Exercise brief >> Exclude images and print all the records verbatim.

Records shown >>

..............................

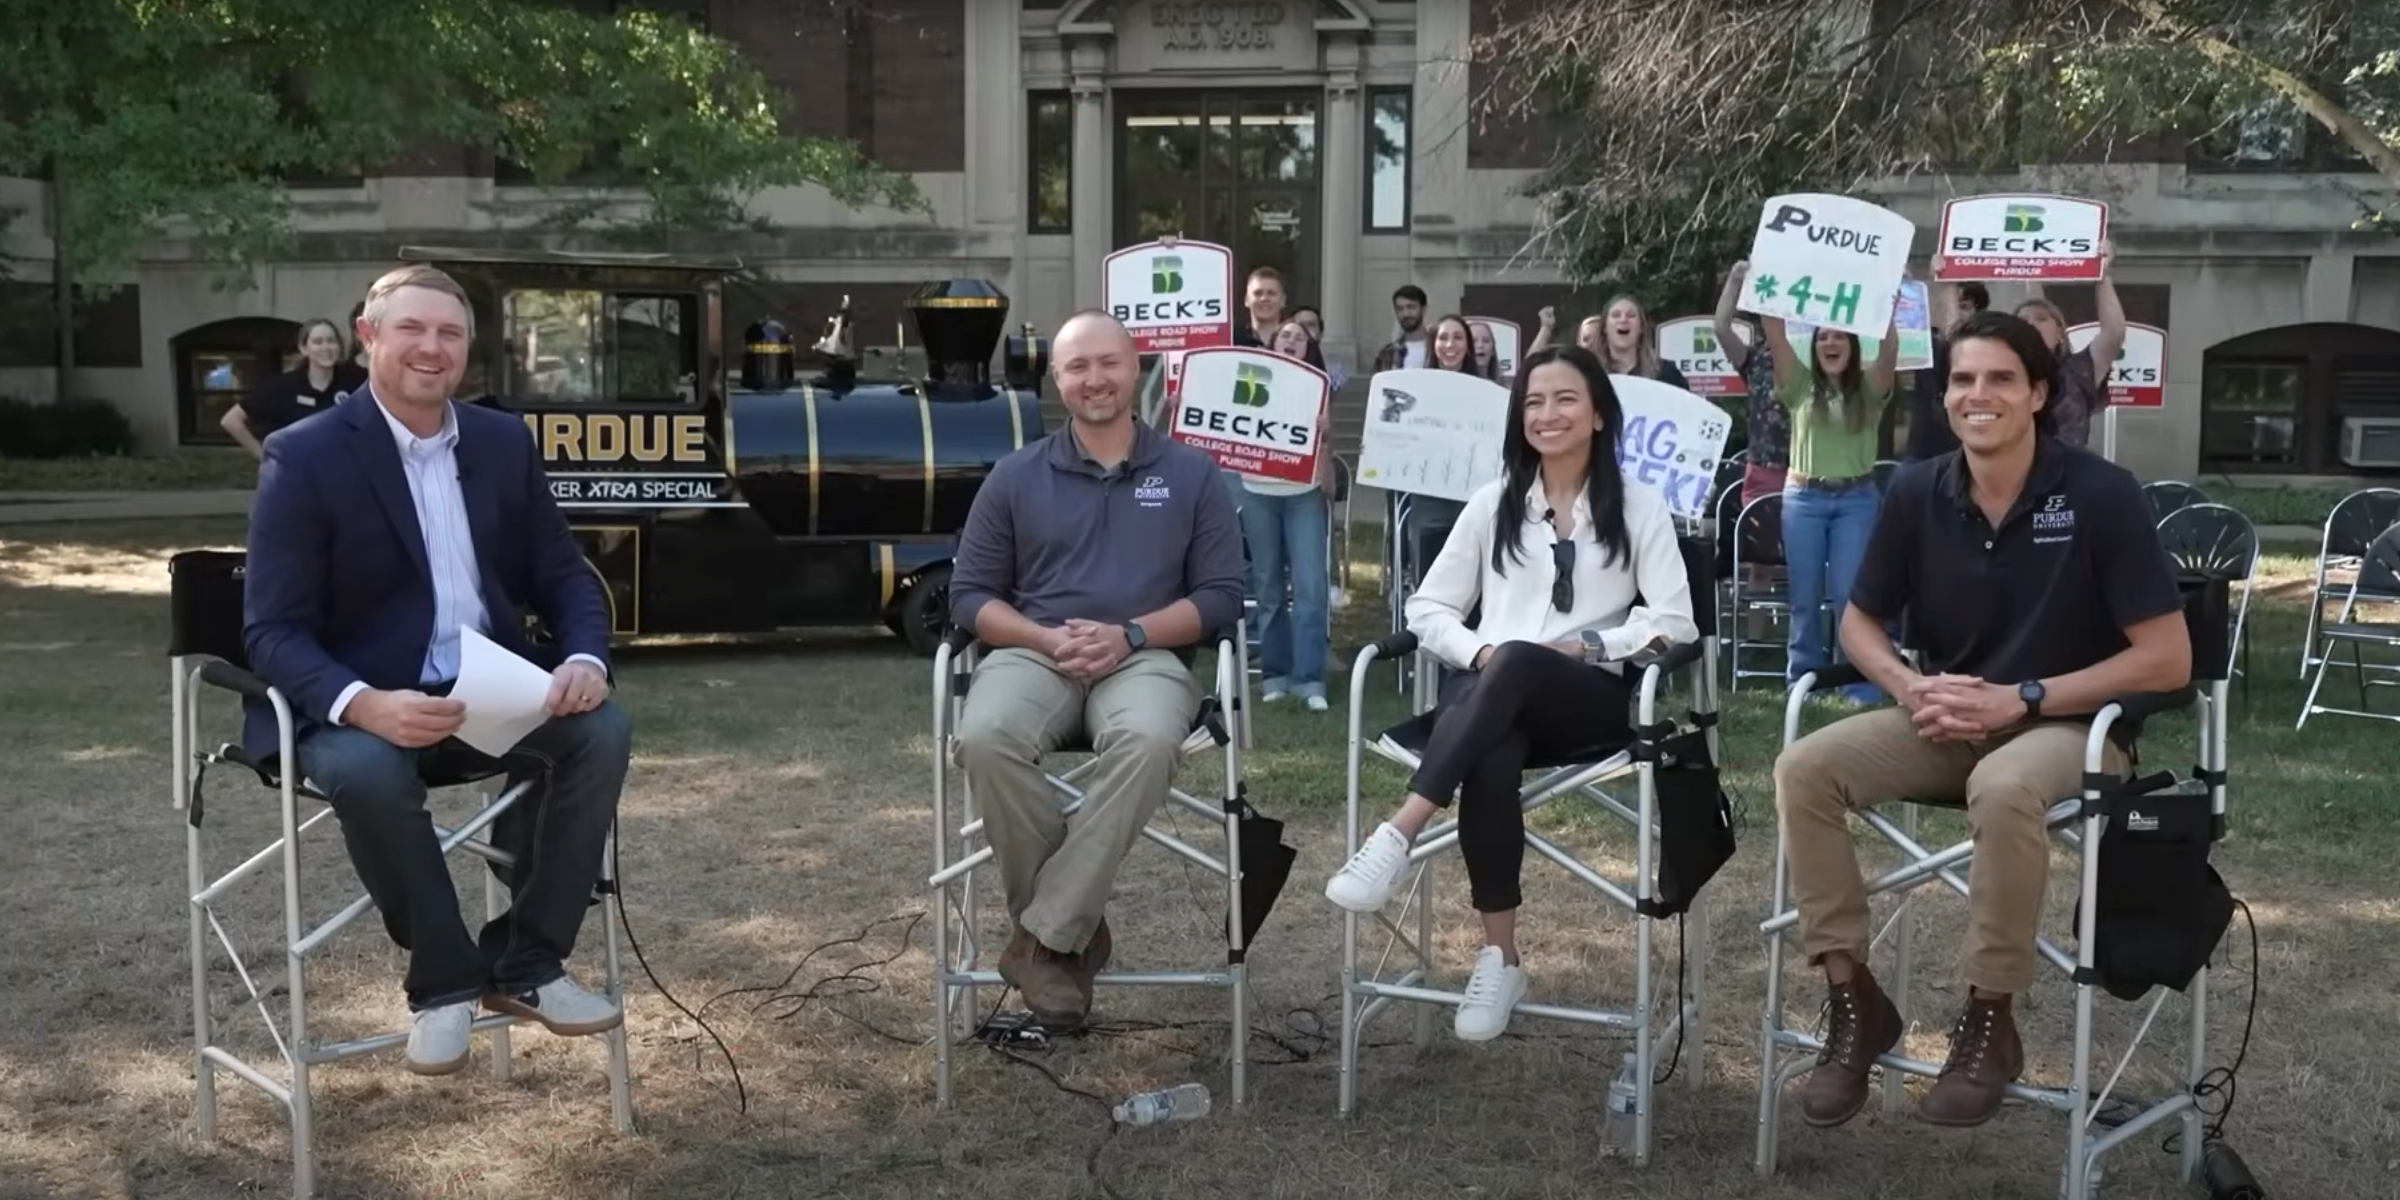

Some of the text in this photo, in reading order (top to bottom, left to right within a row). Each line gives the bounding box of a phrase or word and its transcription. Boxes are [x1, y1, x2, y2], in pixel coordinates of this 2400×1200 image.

[1952, 237, 2091, 252] BECK'S
[1954, 257, 2086, 267] COLLEGE ROAD SHOW
[1993, 267, 2042, 276] PURDUE
[1787, 275, 1861, 325] 4-H
[1113, 299, 1221, 321] BECK'S
[1160, 326, 1188, 337] ROAD
[1190, 325, 1219, 335] SHOW
[1148, 338, 1186, 348] PURDUE
[1183, 406, 1310, 446] BECK'S
[1184, 436, 1302, 465] COLLEGE ROAD SHOW
[1219, 455, 1262, 471] PURDUE
[587, 481, 637, 499] XTRA
[642, 481, 718, 499] SPECIAL
[1135, 487, 1170, 495] PURDUE
[2033, 510, 2074, 524] PURDUE

..............................

Reply to the task >>
Some of the text in this photo, in reading order (top to bottom, left to right within a row). Each line gives the bounding box of a phrase or word and its transcription. Boxes are [x1, y1, x2, y2], in pixel coordinates of this 2400×1200 image.

[1952, 237, 2091, 252] BECK'S
[1954, 257, 2086, 267] COLLEGE ROAD SHOW
[1993, 267, 2042, 276] PURDUE
[1787, 275, 1861, 325] 4-H
[1113, 299, 1221, 321] BECK'S
[1160, 326, 1188, 337] ROAD
[1190, 325, 1219, 335] SHOW
[1148, 338, 1186, 348] PURDUE
[1183, 406, 1310, 446] BECK'S
[1184, 436, 1302, 465] COLLEGE ROAD SHOW
[1219, 455, 1262, 471] PURDUE
[587, 481, 637, 499] XTRA
[642, 481, 718, 499] SPECIAL
[1135, 487, 1170, 495] PURDUE
[2033, 510, 2074, 524] PURDUE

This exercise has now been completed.